[Stored dataset items]
+--
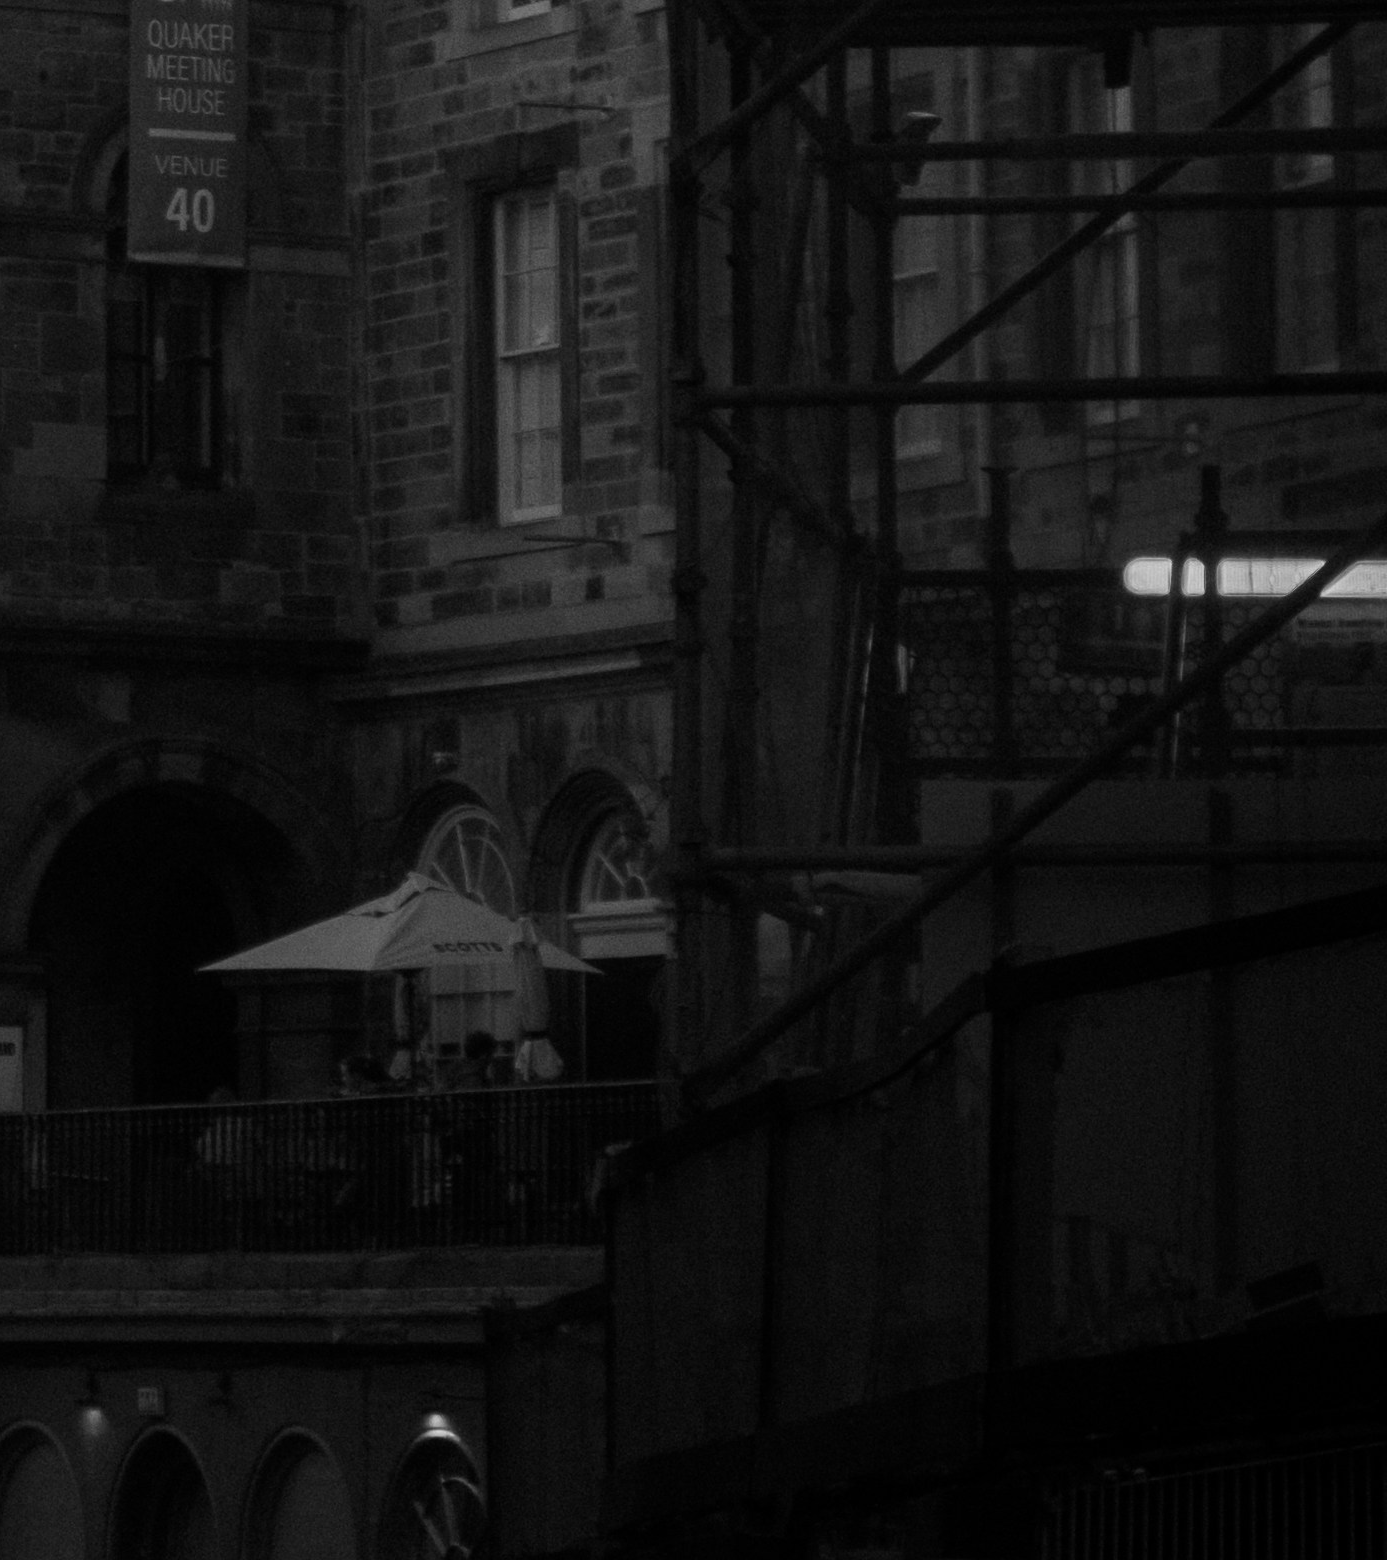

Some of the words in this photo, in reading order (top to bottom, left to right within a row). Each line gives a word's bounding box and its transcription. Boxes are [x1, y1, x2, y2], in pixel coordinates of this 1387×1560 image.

[146, 19, 235, 51] QUAKER
[146, 53, 236, 84] MEETING
[157, 87, 226, 116] HOUSE
[153, 154, 228, 179] VENUE
[165, 187, 215, 233] 40
[433, 941, 503, 953] SCOTTS
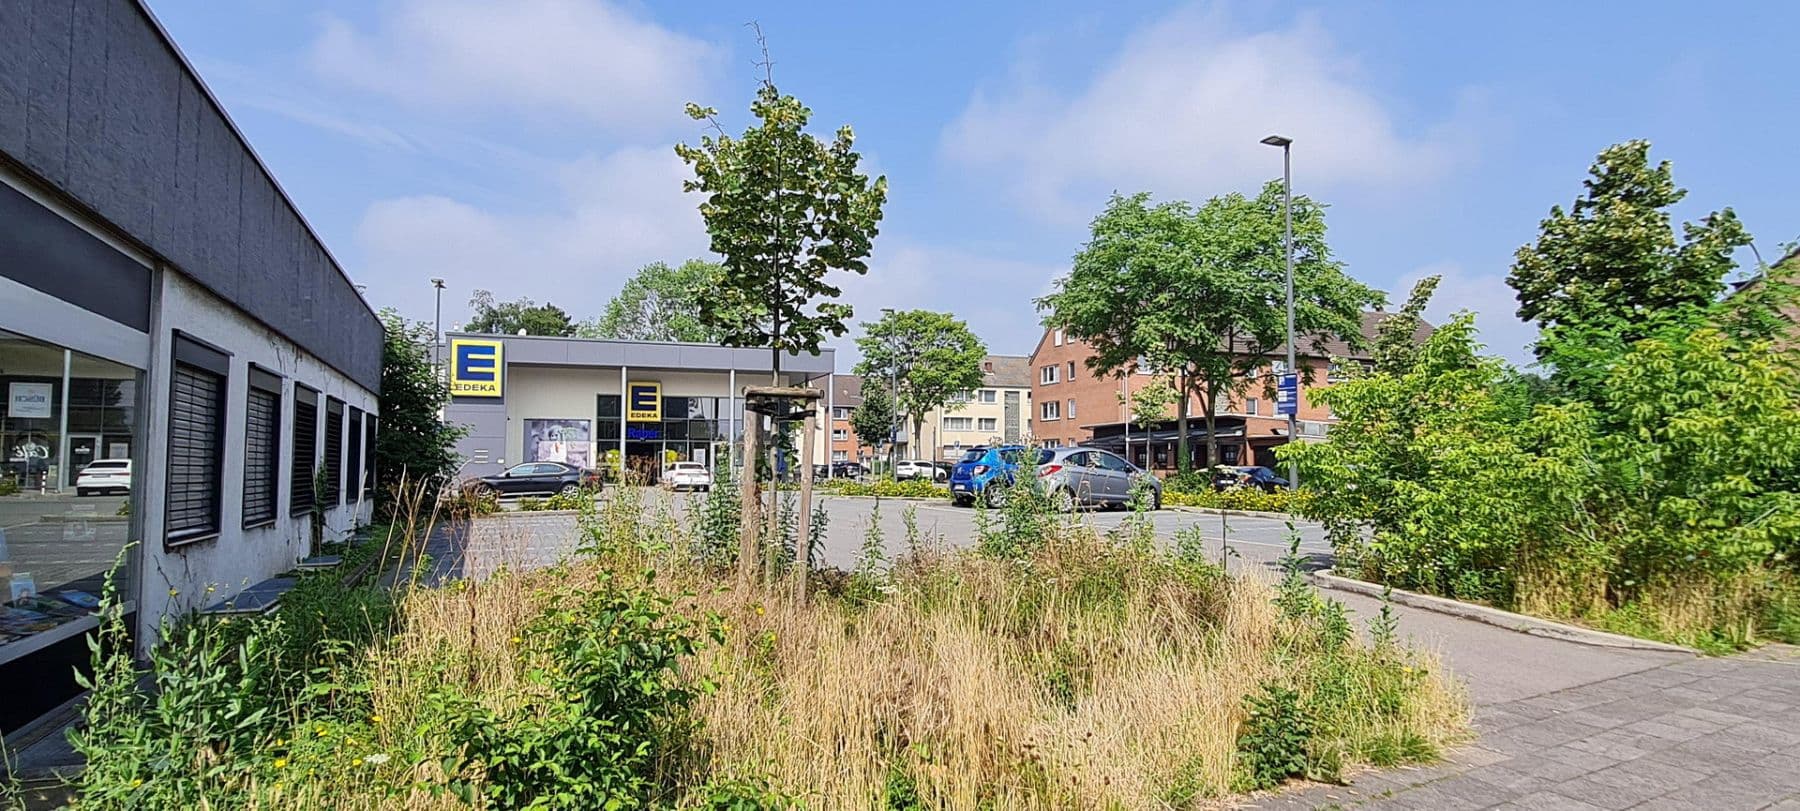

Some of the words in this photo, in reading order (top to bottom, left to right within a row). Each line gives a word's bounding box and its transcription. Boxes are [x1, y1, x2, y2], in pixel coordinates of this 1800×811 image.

[456, 344, 495, 381] E
[455, 383, 496, 391] EDEKA
[631, 385, 656, 411] E
+--
◆ DESCRIPTION OF THE TASK
Images stay out, but the rest of the data above must be repeated exactly.

◆ EXERCISE RESPONSE
Some of the words in this photo, in reading order (top to bottom, left to right within a row). Each line gives a word's bounding box and its transcription. Boxes are [x1, y1, x2, y2], in pixel coordinates of this 1387×1560 image.

[146, 19, 235, 51] QUAKER
[146, 53, 236, 84] MEETING
[157, 87, 226, 116] HOUSE
[153, 154, 228, 179] VENUE
[165, 187, 215, 233] 40
[433, 941, 503, 953] SCOTTS

Some of the words in this photo, in reading order (top to bottom, left to right within a row). Each line gives a word's bounding box and its transcription. Boxes are [x1, y1, x2, y2], in pixel coordinates of this 1800×811 image.

[456, 344, 495, 381] E
[455, 383, 496, 391] EDEKA
[631, 385, 656, 411] E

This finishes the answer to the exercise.